【パンチ佐藤】「闘将・上田監督は時空を超えて移動していた!?」 (2/3ページ)
入団1年目もしくは初めて一軍キャンプに参加している若手にとって、この時期は毎日が超特急。何が何だか分からないうちに一日が終わってしまいます。
そうなってしまったら、毎日を乗り切ることに全神経を注いでしまう。技術向上が本来の狙いであるはずなのに、そこまで意識が到達できない……これでは一軍キャンプにいる意味はありません。たとえ、キツクても自分の課題をしっかり見据え、どっしり構えないと「キャンプに呑まれてしまう」。自分のペースは絶対に大事です。
高校から入団1年目のゴジラ松井(松井秀喜)君はキャンプ初日に遅刻。ある意味、このくらい大胆で太い神経を持っていないとプロでは通用しないのです。
一方の僕は、普段の約束事であっても30分前には目的地に着いている。

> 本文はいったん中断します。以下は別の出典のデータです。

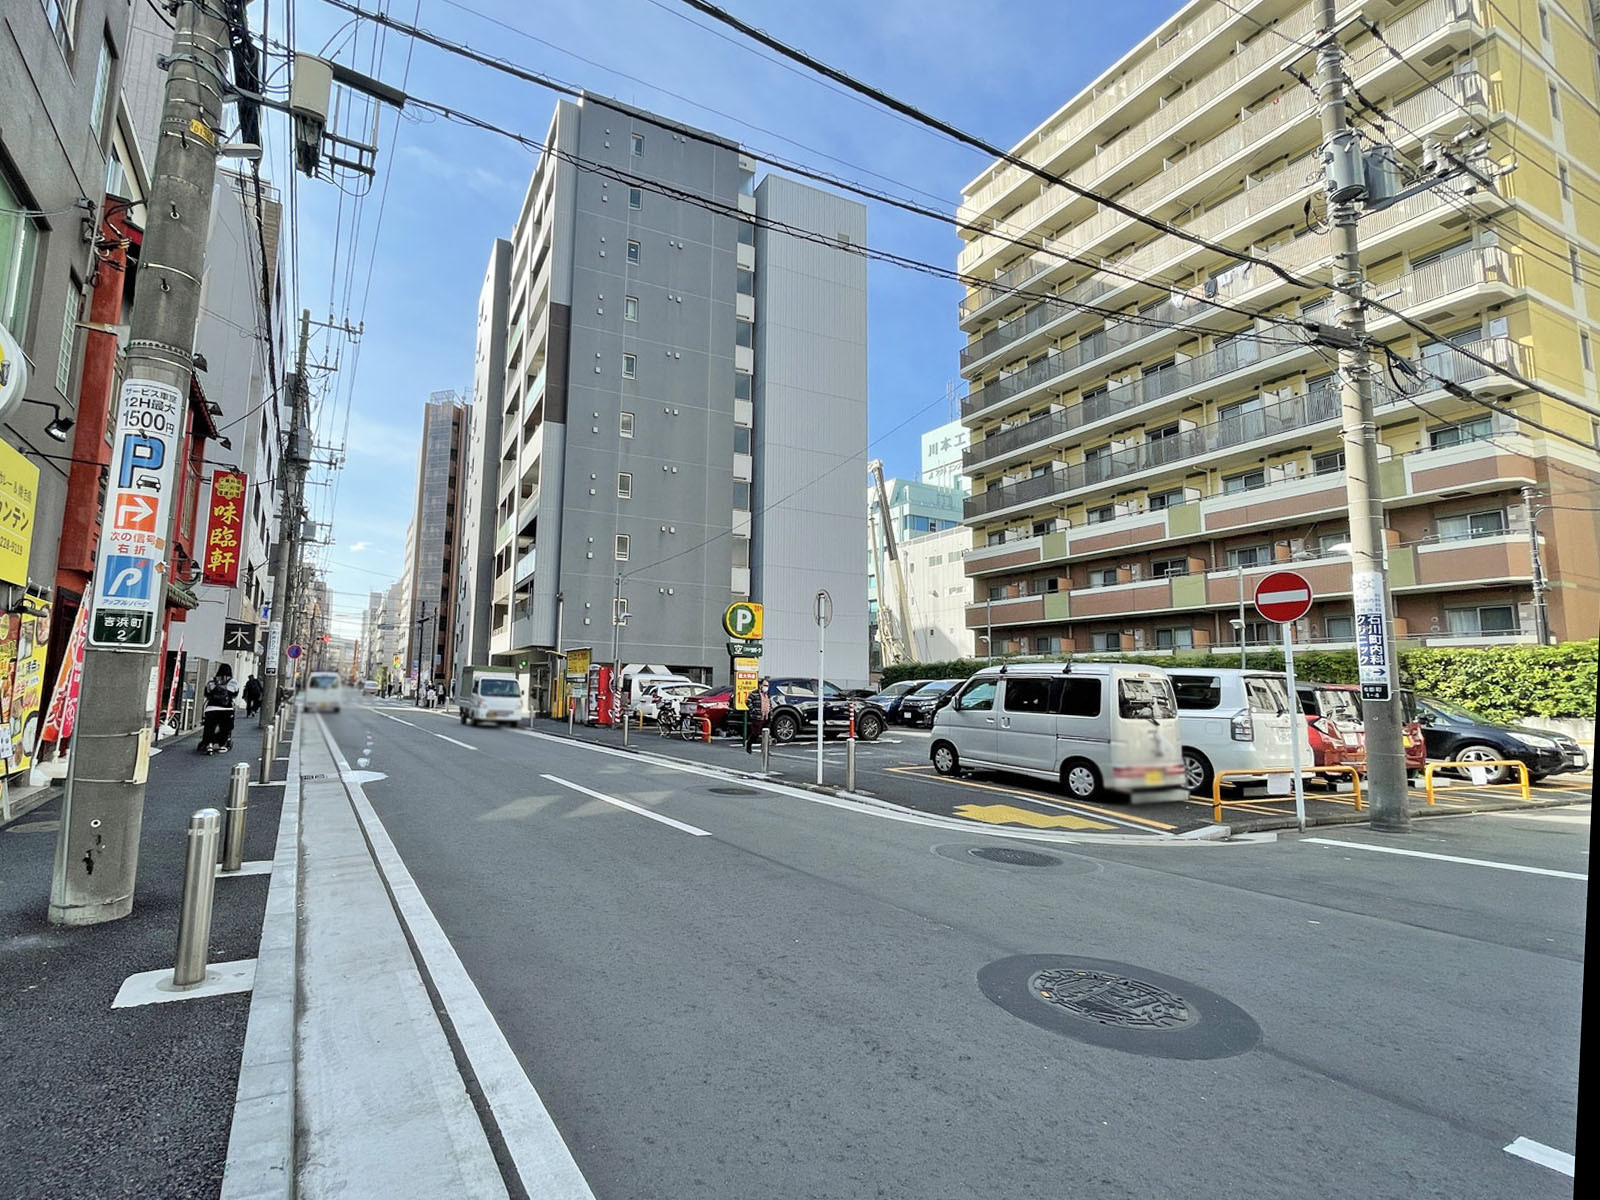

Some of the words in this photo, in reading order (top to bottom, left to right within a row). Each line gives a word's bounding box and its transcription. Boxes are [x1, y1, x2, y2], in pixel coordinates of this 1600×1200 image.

常に「次は何があるのか」と一歩先、一歩先を考えて行動するタイプ。企業人にとっては評価されますが、プロ野球の世界では、そんなに神経を張り巡らせていたら、すぐパンクします。
象徴的なのは「昼食時間が30分」と決められていたら僕は20分で終わらせるように努めます。とはいえ、これをしたからといって、査定が変わることも首脳陣からの評価も変わりません。「30分」と言われたら、最低でも「30分」。大物は「40分」を目安で食べる……これがプロです。
プロ入り数年経つと練習メニューを見れば、力の入れどころ、抜きどころが分かるようになります。「このタイミングで着替える」「この時間は水分補給できるな」「こことここの間でタバコでも吸うか」……などなど。時間の使い方が達者になります。
その逆に入団1年目を筆頭に、若手にはその余裕が全くありません。丸一日アンダーシャツを交換できない。これは僕も経験しました。着替えのタイミングが分からないのです。その結果、汗でビッチョリ→冬空で自然乾燥→汗でビッチョリ→自然乾燥影……これの繰り返しで、練習終了時には身体が汗臭くて堪りませんでした。
ご存じの通り、一軍と二軍とでは全ての面で異なります。宿泊先のホテルなどは最たる例。一軍はグランドホテルで豪華ですが、二軍は民宿かビジネスホテルがほとんどです。使用グラウンドの“質”も違います。まさに天と地ですね。
僕はキャンプ中盤に二軍落ちが定番。